# Do Outliers Really Lie?

December 1, 2009

No Comments

During presentations concerning averages and standard deviations in my short course, inevitably someone asks about outliers. Eventually I added a section about how to use the Grubbs Test to discern if a point separated from the body of data could be discarded. (1) But just what are outliers? Workers will judge a set of data and arbitrarily throw a point away that “doesn’t look right.” A dictionary definition is “a statistical observation that is markedly different in value from the others of the sample.” In sample data from a population, the outlier may be a datum that is higher or lower than the other data; or, several outliers could be higher and/or lower than the body of data.

## Why do Outliers Occur?

Sometimes outliers occur because of human error. For example, a measurement is written into a notebook as 800 instead of the correct 80.0. Most times when an outlier is present, the researcher completes the experiment and records the data properly, but when the data is examined one or more data points just don’t seem to fit with the rest of the data.William Kruskal wrote a short essay on wild observations, or, in our terms, outliers.(2) Kruskal remarked that if an outlier is identified, it must not be thrown away in a cavalier fashion. The outlier must be reported with the rest of the data and then be excluded from the overall analysis with a sound reason presented. One reason for exclusion is that the researcher knows for certain that the experimental run had a flaw in it. The flaw might be discerned before the experiment is over, e.g., a resin overheats, or after, e.g., the notebook might document that the wrong procedure was used. Sometimes the outlier can’t be explained. The usual practice is to exclude the outlier on the basis of some statistical test. If the suspect data point is excluded, the exclusion should be done reluctantly and the analysis of the remaining data should be done with great caution. In any case, to repeat, all of the data should be reported, the outlier should be identified and a reason be given as to why the outlier was excluded.

## How to Detect Outliers?

Use of a graphical method such as dot diagram or histogram is a good way to identify a possible outlier (see Figure 1, the histogram of the data in Table 1).When the sample size is small, e.g., three samples giving readings of 3, 4 and 12, the researcher may decide out-of-hand to discard the 12 because it is not close to the other two, which match pretty well.
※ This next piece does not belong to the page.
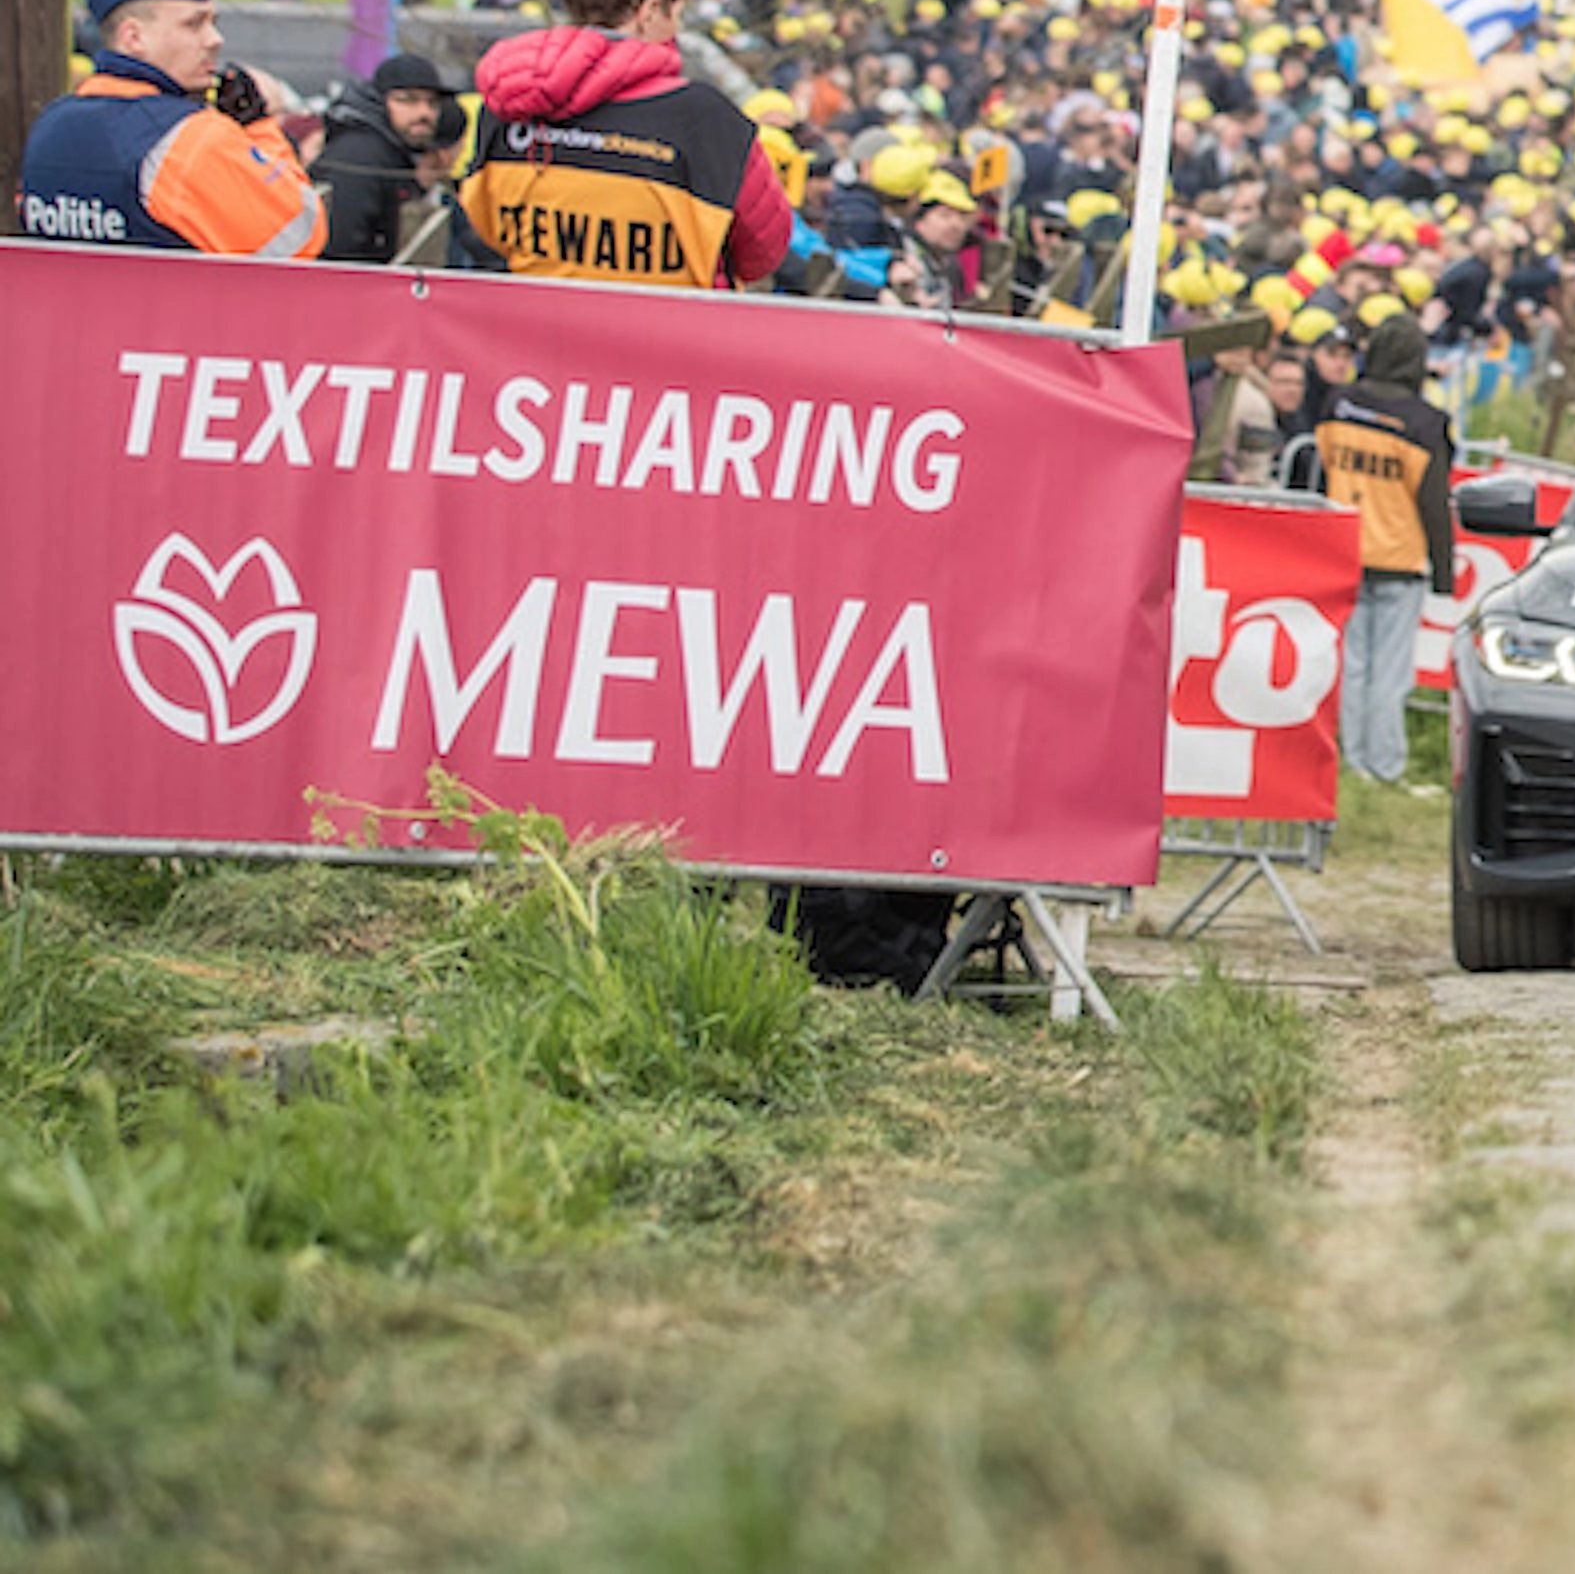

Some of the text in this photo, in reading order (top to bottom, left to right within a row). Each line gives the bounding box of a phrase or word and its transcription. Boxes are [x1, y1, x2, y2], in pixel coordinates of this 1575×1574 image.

But this is dangerous, because the range of results might only be due to normal experimental variation. The researcher should run more replicates.

For regressions, a plot of the data may show an outlier (Figure 2). Diagnostic statistics can give a hint whether the suspected outlier should be ignored when the data is analyzed. The plot shows that point 16 is suspect and should be closely examined. We’ll discuss regressions in a future article.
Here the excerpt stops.